U.S. President Barack Obama gestures during a joint news conference with Thai Prime Minister Yingluck Shinawatra at Thai Government House in Bangkok, Thailand, Sunday, Nov. 18, 2012.
AP Photo/Pablo Martinez Monsivais

As Israeli airstrikes into Hamas-controlled Gaza expand from government targets into civilian areas, President Obama reiterated his support of Israel's "right to defend itself."

"[T]here is no country on earth that would tolerate missiles raining down on its citizens from outside its borders. So we are fully supportive of Israel's right to defend itself from missiles landing on people's homes," Mr. Obama said at a news conference in Bangkok during an international trip to Thailand, Myanmar and Cambodia.

"Let's understand what the precipitating event here was that's causing the current crisis, and that was an ever-escalating number of missiles that were landing not just in Israeli territory but in areas that are populated," the president added. Hamas launched rockets into Israel leading to the current crisis.

Israeli Prime Minister Benjamin Netanyahu said he was ready to "significantly" expand its airstrikes into Gaza and he indicated that Israel could invade Gaza with ground troops. "The soldiers are ready for any activity that could take place," he said at the weekly cabinet meeting.

Israel's "Iron Dome" rocket-defense system has intercepted 250 Gaza-launched rockets aimed for Tel Aviv, the Israeli government said.

Israeli officials have arrived in Egypt for talks about a cease-fire, and Palestinian officials had already been in Cairo for discussions.

In Bangkok, Mr. Obama said long-term peace is unlikely unless Hamas agrees to cease firing rockets into Israel.
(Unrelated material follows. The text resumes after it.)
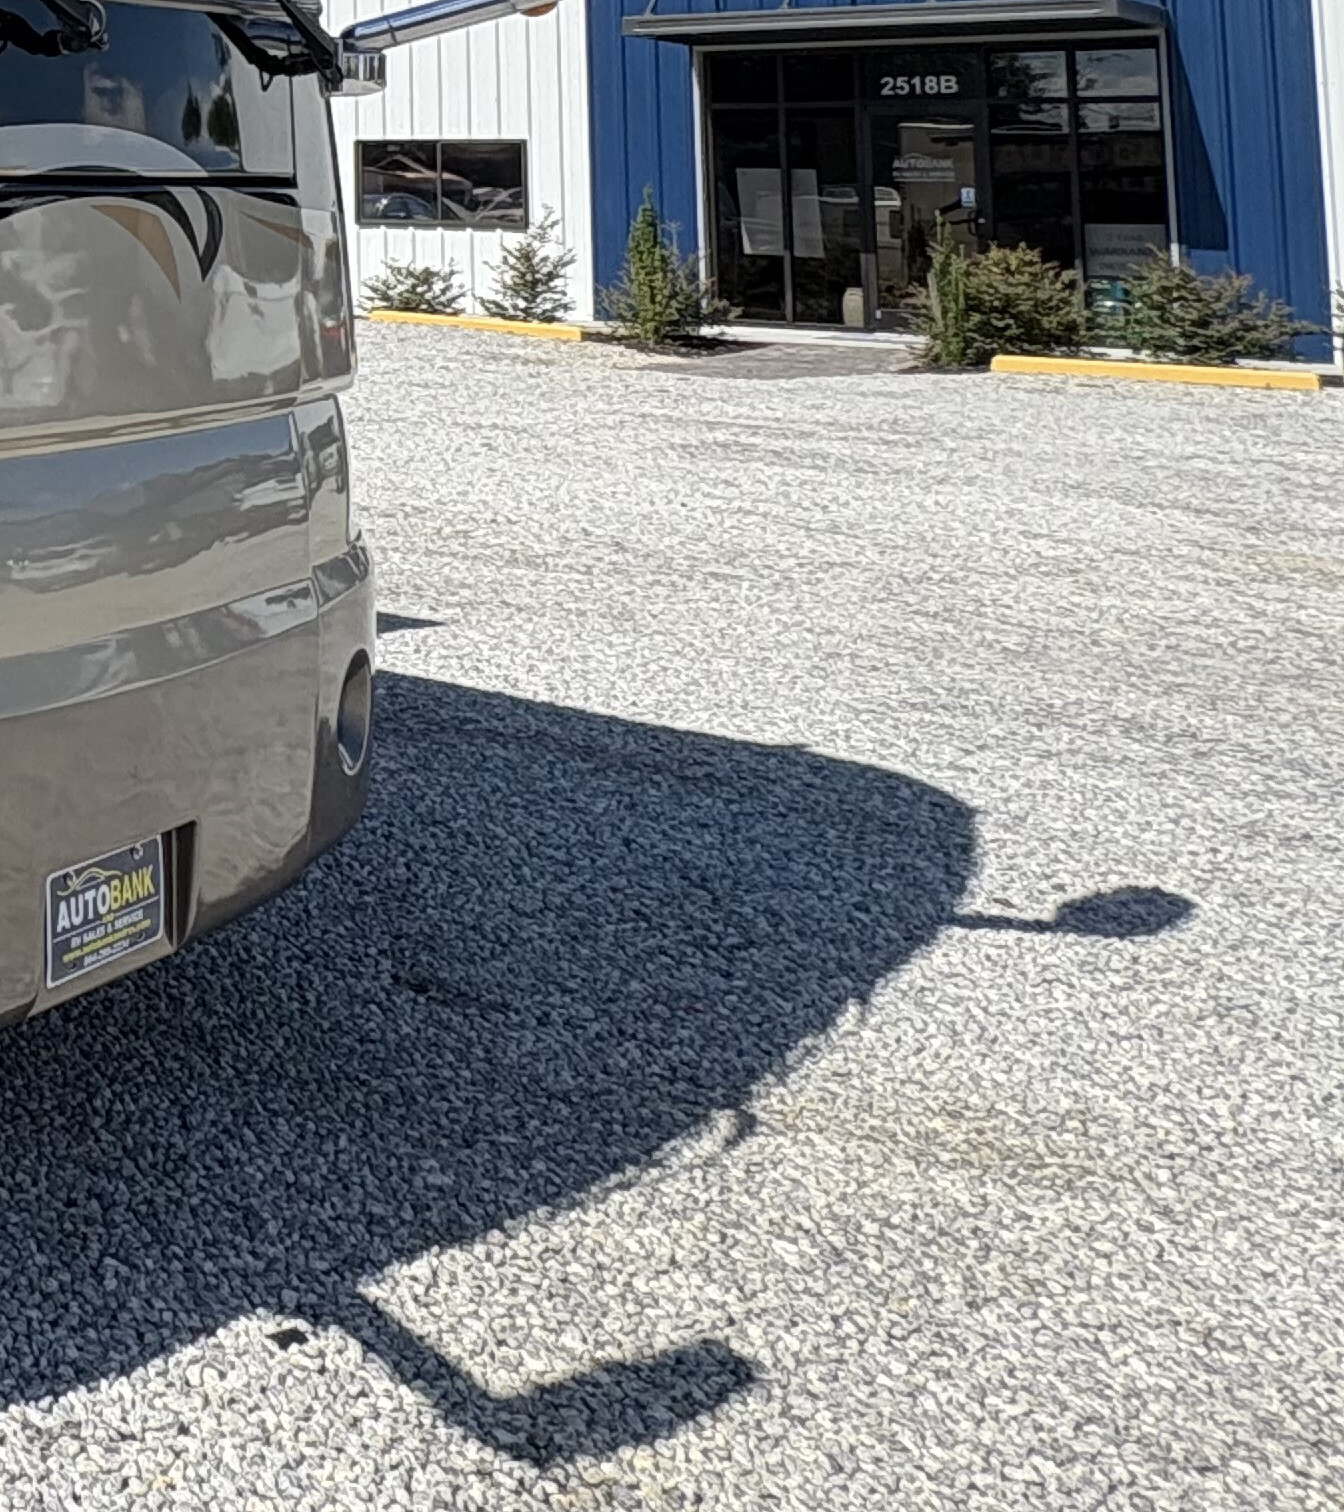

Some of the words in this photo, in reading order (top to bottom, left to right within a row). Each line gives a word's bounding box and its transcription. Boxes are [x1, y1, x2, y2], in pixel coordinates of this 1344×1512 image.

[880, 75, 959, 96] 2518B
[1089, 246, 1158, 258] WARRAN
[56, 865, 155, 933] AUTOBANK
"[T]hose who champion the cause of the Palestinians should recognize that if we see a further escalation of the situation in Gaza, then the likelihood of us getting back on any sort of peace track that leads to a two-state solution is, is going to be pushed off way into the future," Mr. Obama said. "So if we're serious about wanting to resolve this situation and create a genuine peace process, it starts with no more missiles being fired in Israel's territory and that then gives us the space to try to deal with these longstanding conflicts that exist."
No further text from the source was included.